**Data for review:**
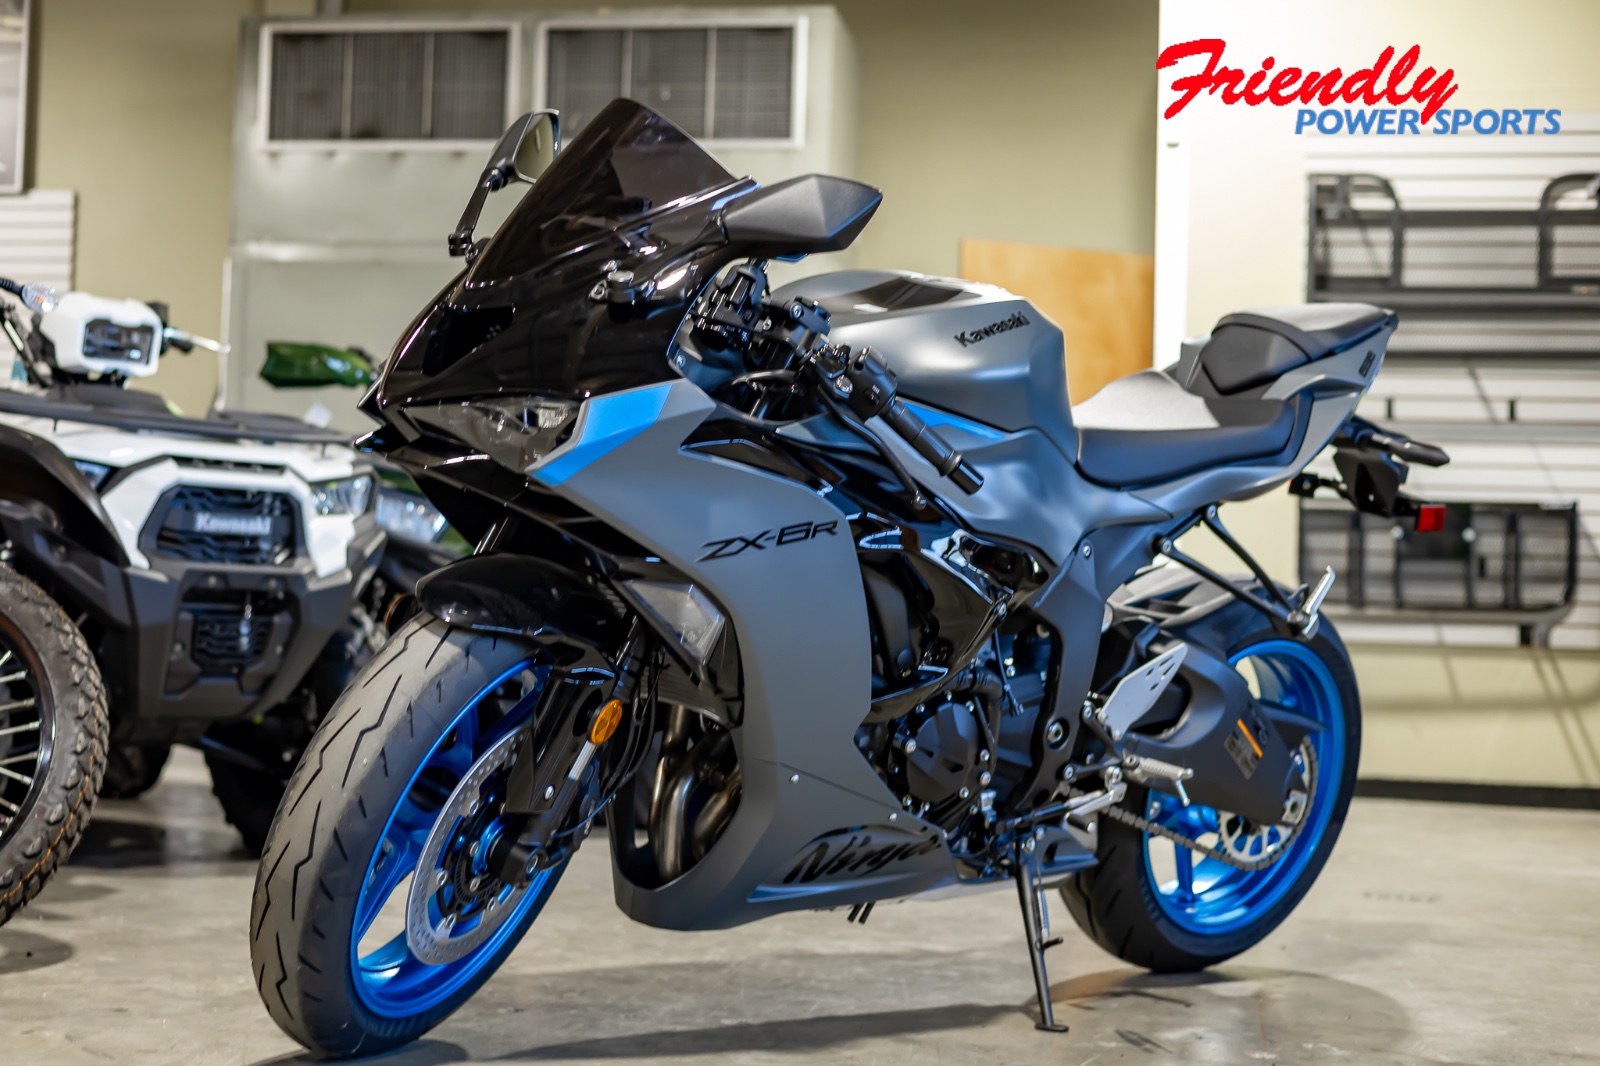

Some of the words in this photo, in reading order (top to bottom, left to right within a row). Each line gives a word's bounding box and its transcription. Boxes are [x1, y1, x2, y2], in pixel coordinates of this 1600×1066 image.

[954, 311, 1030, 347] Kawasaki
[695, 520, 838, 563] ZX-6R
[783, 834, 942, 884] Ninja
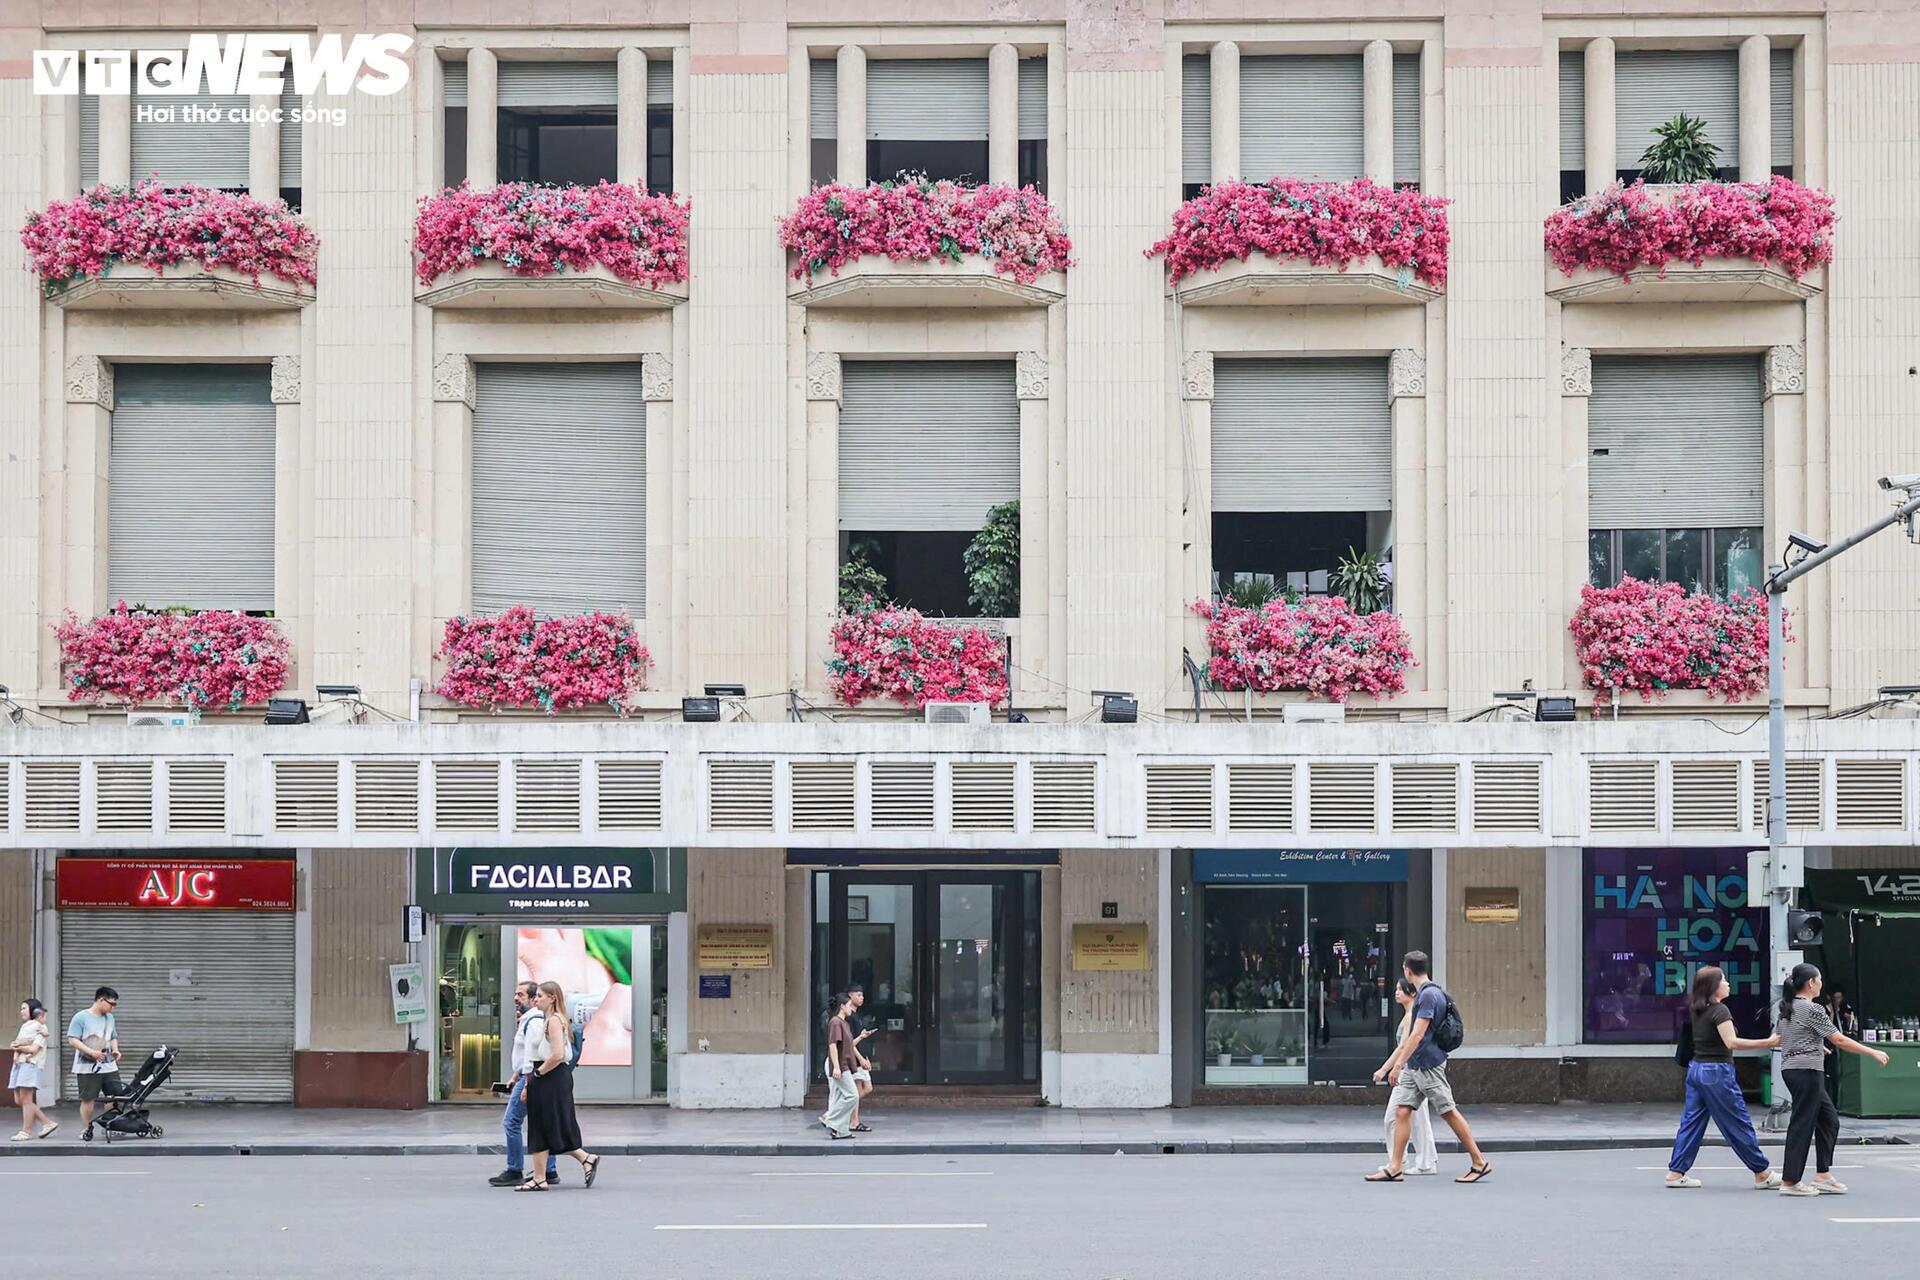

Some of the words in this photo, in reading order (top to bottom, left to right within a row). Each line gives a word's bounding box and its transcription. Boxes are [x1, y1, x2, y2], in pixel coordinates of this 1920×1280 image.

[1280, 850, 1314, 861] Exhibition
[1315, 850, 1339, 861] Center
[1340, 851, 1346, 861] &
[1364, 850, 1391, 862] Gallery
[471, 864, 633, 889] FACIALBAR
[139, 870, 214, 906] AJC
[559, 898, 576, 908] SÓC
[577, 900, 590, 908] DA
[1104, 905, 1116, 915] 91
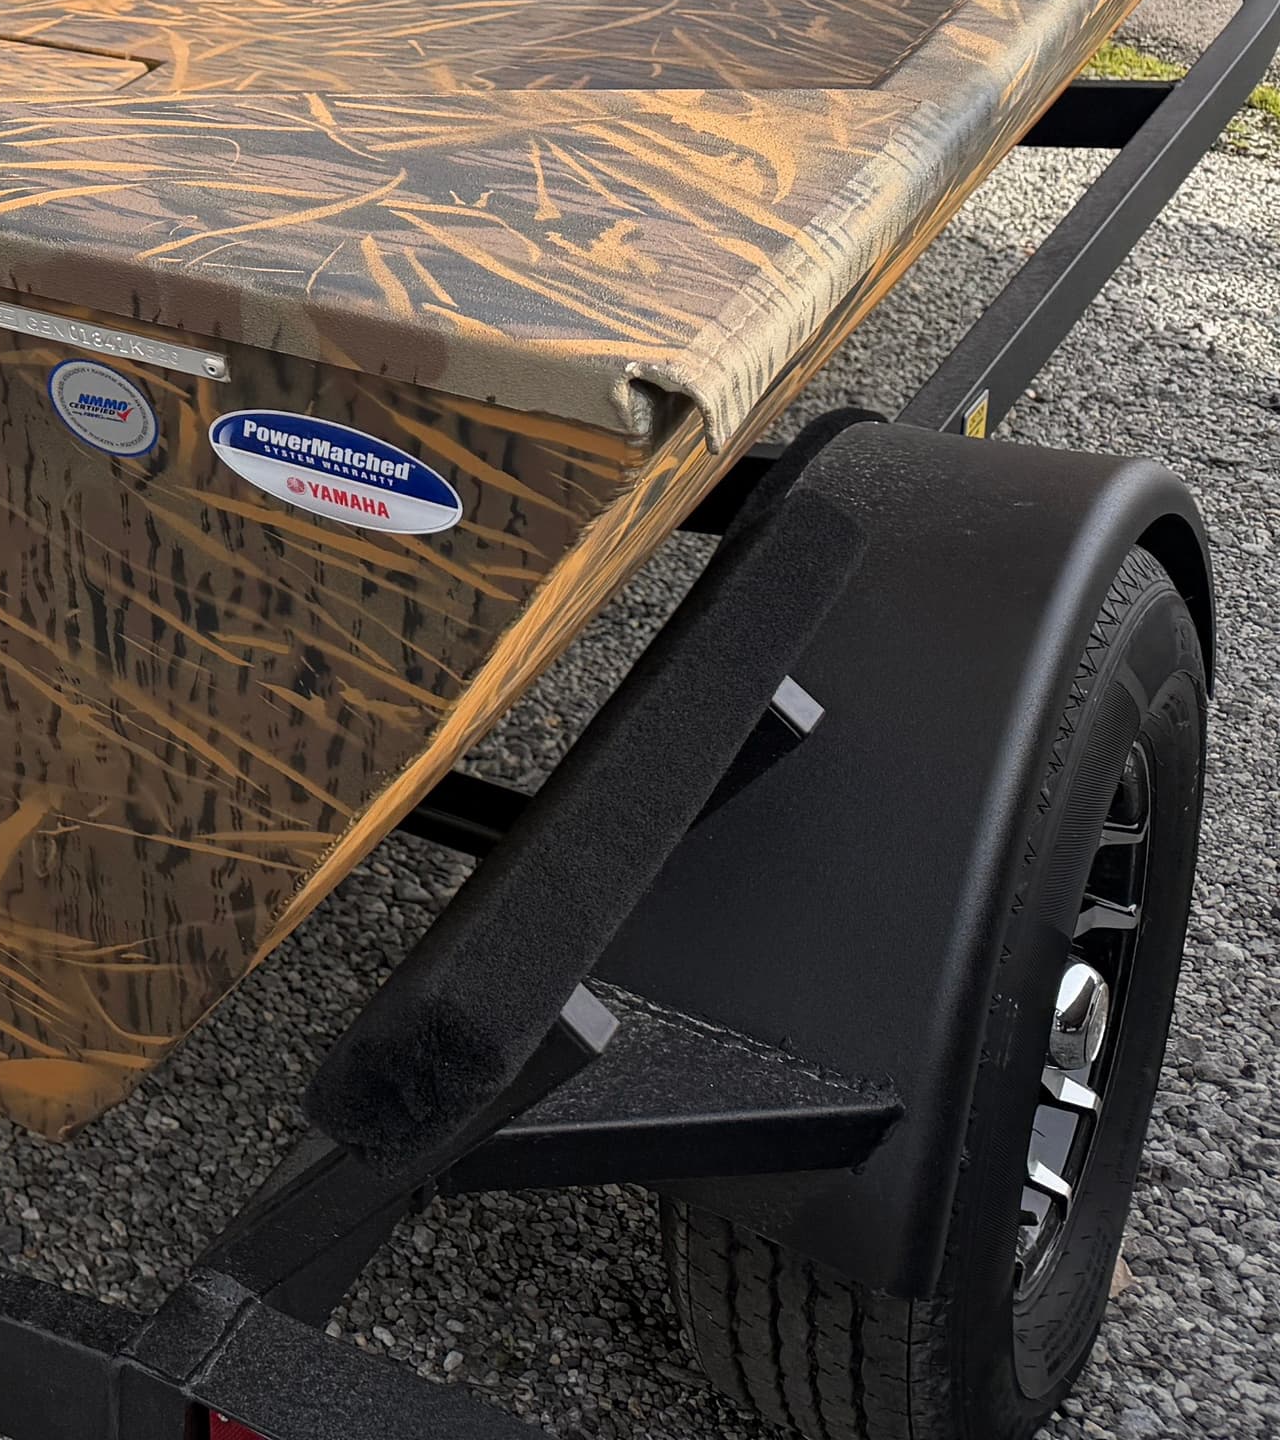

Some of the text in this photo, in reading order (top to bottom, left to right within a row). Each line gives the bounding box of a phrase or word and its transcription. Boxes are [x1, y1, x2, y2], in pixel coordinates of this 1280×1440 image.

**Work order:**
Write out an exact reproduction of the lines from the line that holds "this 1920×1280 image." to the bottom of the listing above, both ends included. Exclude pictures.

**Answer below:**
Some of the words in this photo, in reading order (top to bottom, left to right within a row). Each line gives a word's bounding box and its transcription. Boxes are [x1, y1, x2, y2], in pixel coordinates of this 1920×1280 image.

[1280, 850, 1314, 861] Exhibition
[1315, 850, 1339, 861] Center
[1340, 851, 1346, 861] &
[1364, 850, 1391, 862] Gallery
[471, 864, 633, 889] FACIALBAR
[139, 870, 214, 906] AJC
[559, 898, 576, 908] SÓC
[577, 900, 590, 908] DA
[1104, 905, 1116, 915] 91

Some of the text in this photo, in reading order (top to bottom, left to right within a row). Each line gives the bounding box of a phrase or word and its transcription. Boxes are [x1, y1, x2, y2], in pixel coordinates of this 1280×1440 image.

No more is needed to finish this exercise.